**What you are asked to do**
Transcribe every record verbatim; no pictures.
▽
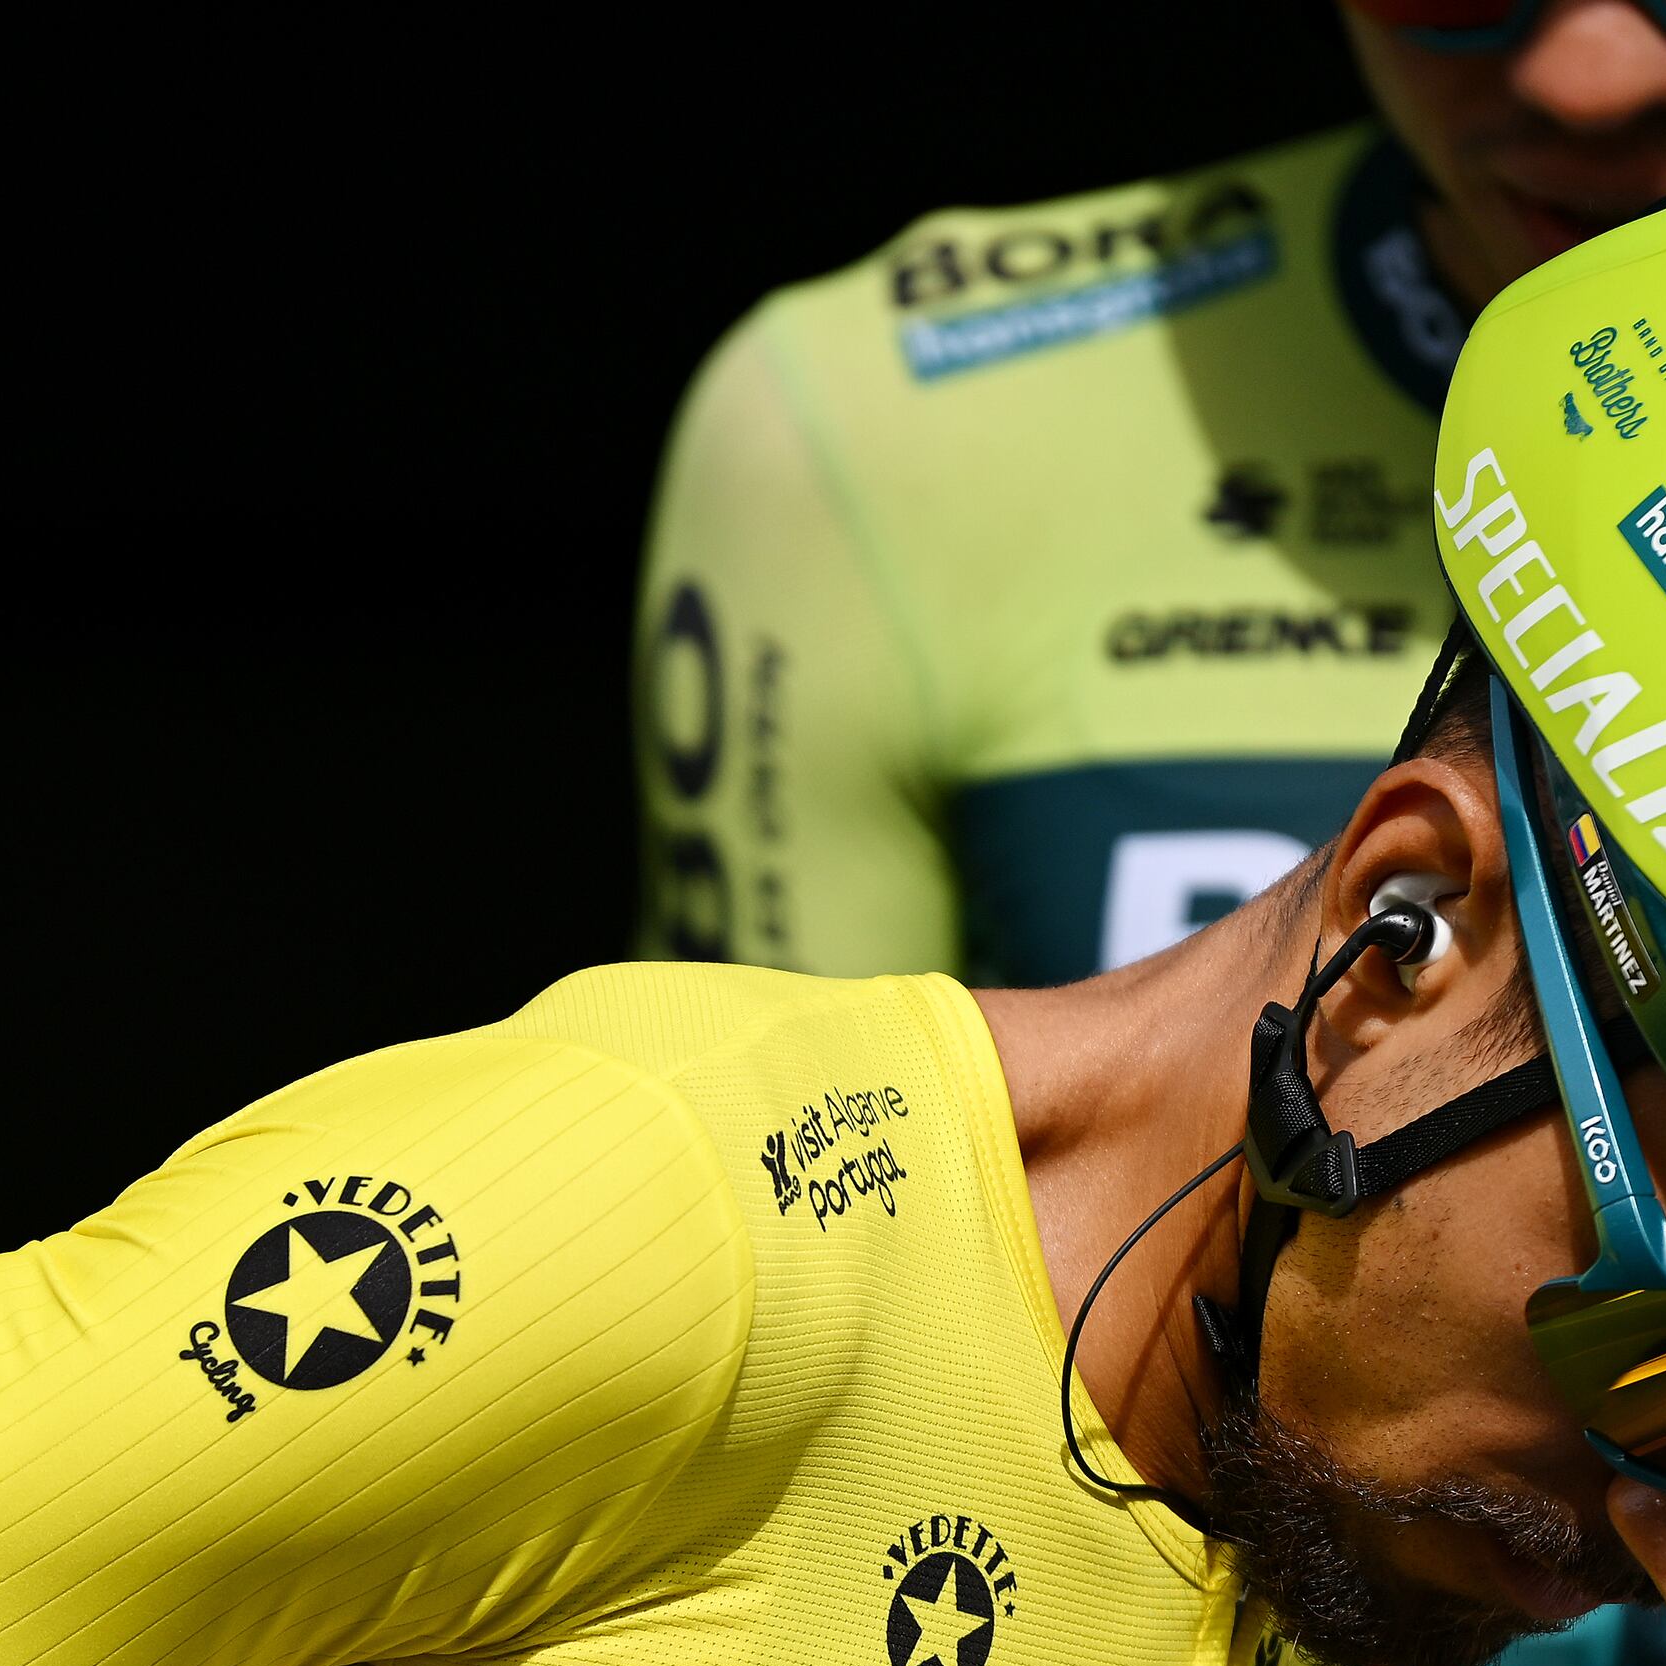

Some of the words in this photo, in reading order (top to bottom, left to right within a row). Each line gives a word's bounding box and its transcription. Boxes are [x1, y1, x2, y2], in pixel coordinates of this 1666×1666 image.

[1570, 327, 1649, 440] Brothers
[1633, 318, 1664, 358] BAND
[1597, 860, 1623, 907] Daniel
[1583, 864, 1648, 995] MARTINEZ
[791, 1104, 834, 1172] visit
[824, 1086, 909, 1137] Algarve
[1579, 1114, 1617, 1185] KOO
[809, 1138, 907, 1233] portugal
[303, 1175, 461, 1346] VEDETTE
[179, 1320, 256, 1424] Cycling
[887, 1514, 1018, 1602] VEDETTE
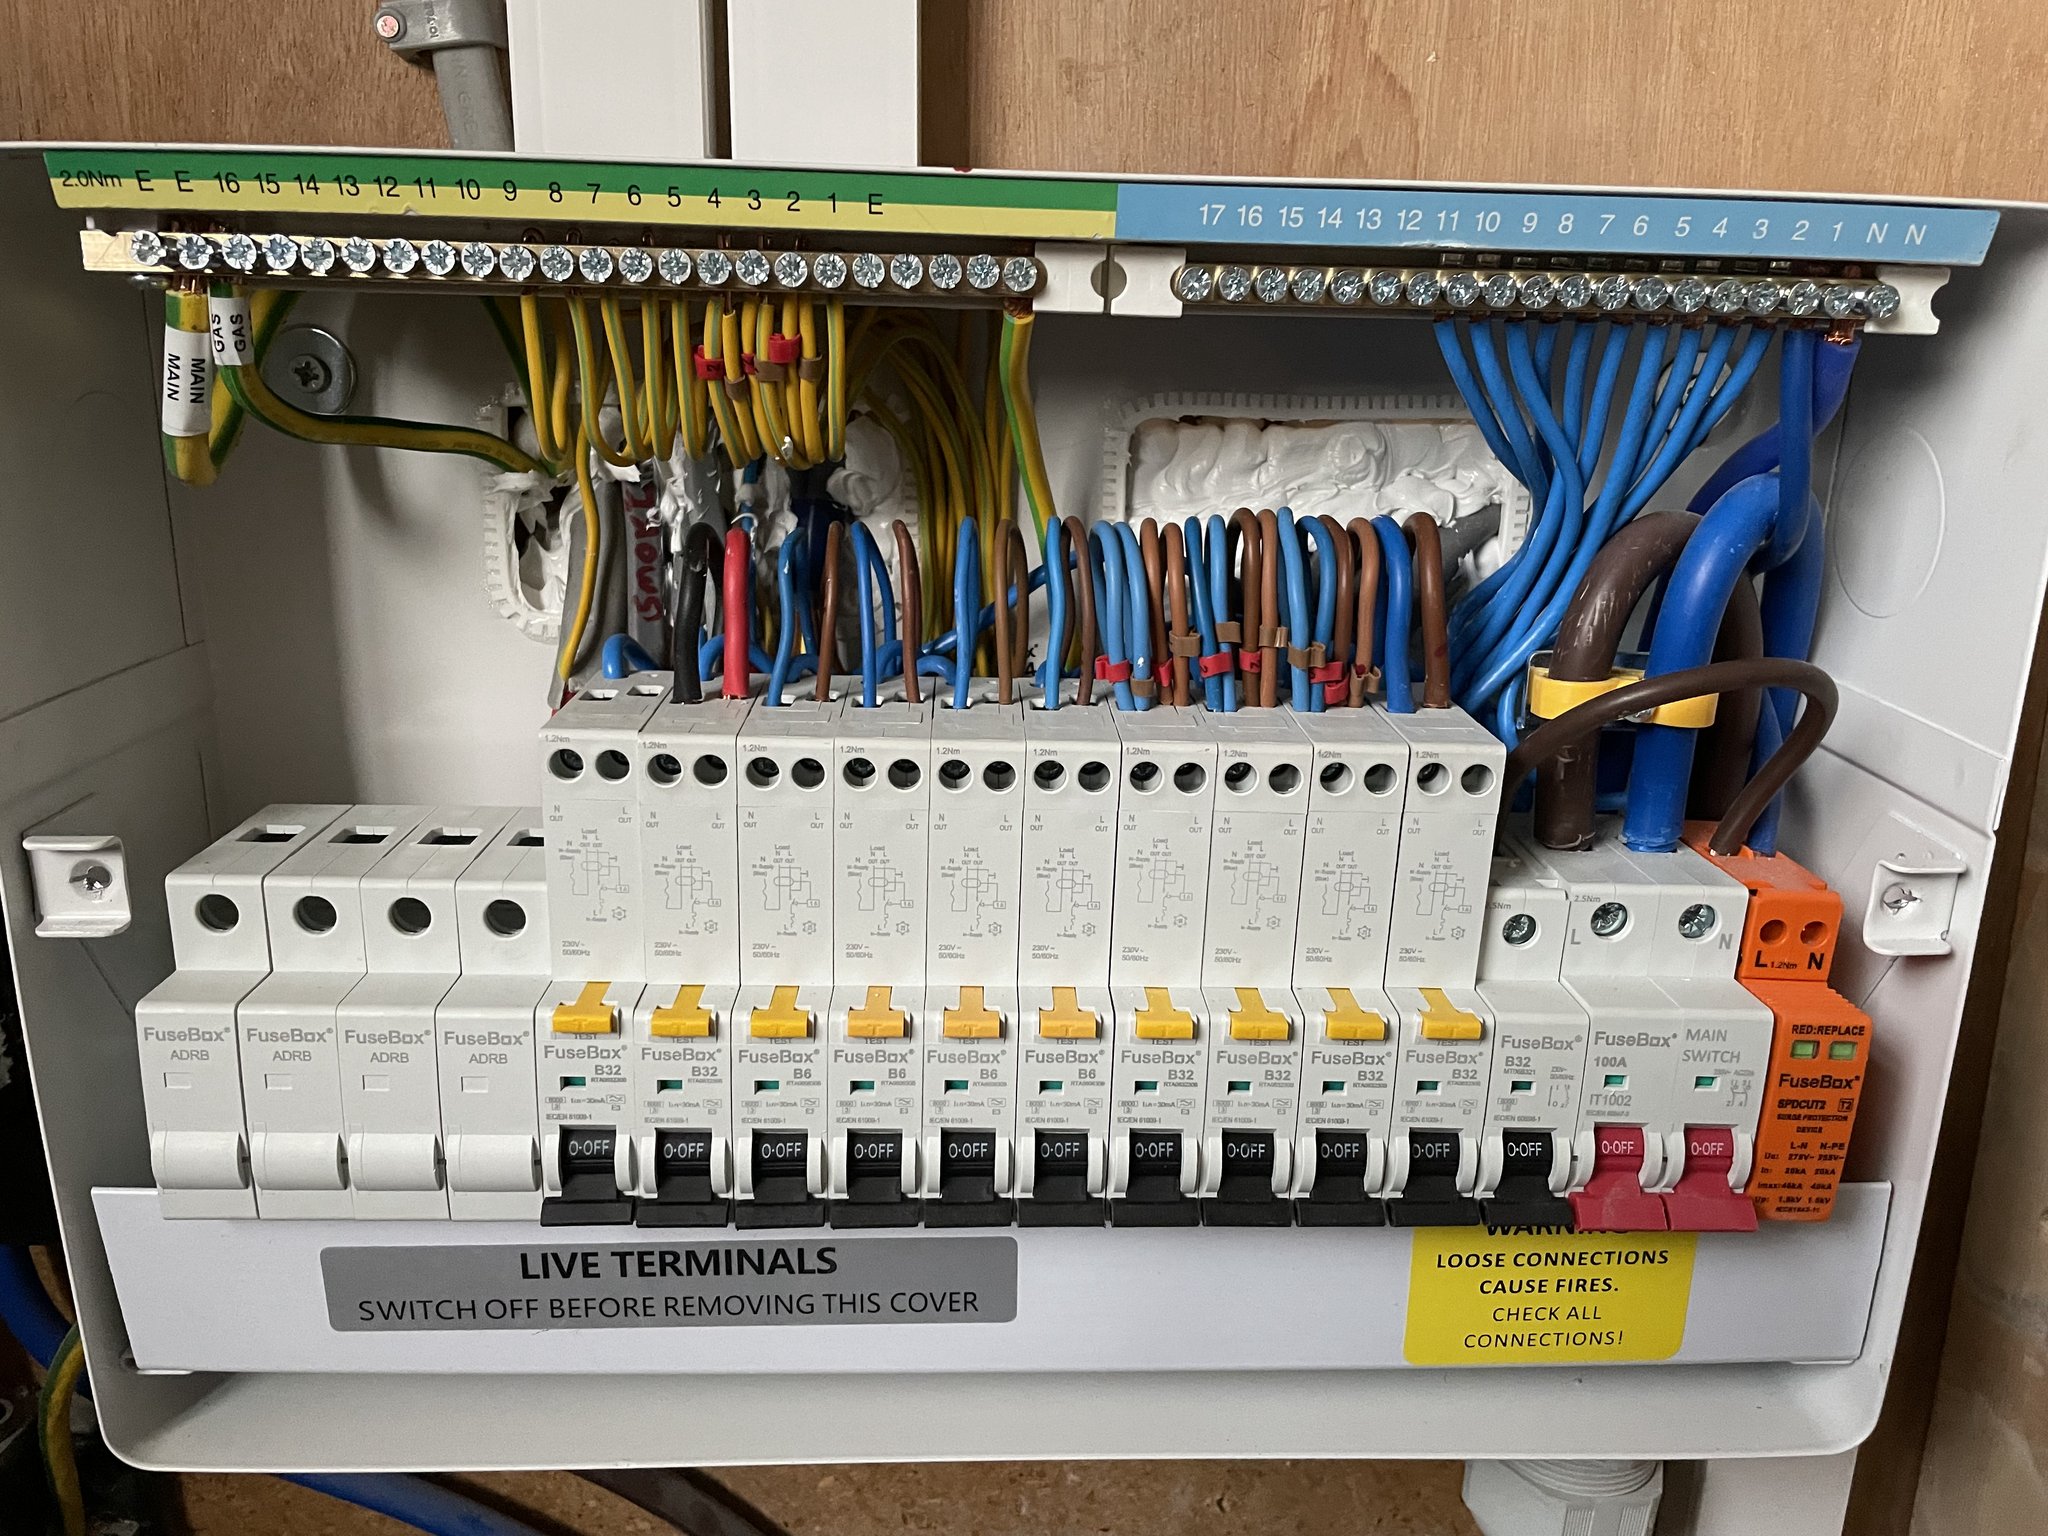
△
**Answer area**
Some of the words in this photo, in reading order (top to bottom, left to right within a row). Each line gives a word's bounding box and its transcription. Boxes are [x1, y1, x2, y2], in pixel coordinates of this 1666×1666 image.

[1570, 327, 1649, 440] Brothers
[1633, 318, 1664, 358] BAND
[1597, 860, 1623, 907] Daniel
[1583, 864, 1648, 995] MARTINEZ
[791, 1104, 834, 1172] visit
[824, 1086, 909, 1137] Algarve
[1579, 1114, 1617, 1185] KOO
[809, 1138, 907, 1233] portugal
[303, 1175, 461, 1346] VEDETTE
[179, 1320, 256, 1424] Cycling
[887, 1514, 1018, 1602] VEDETTE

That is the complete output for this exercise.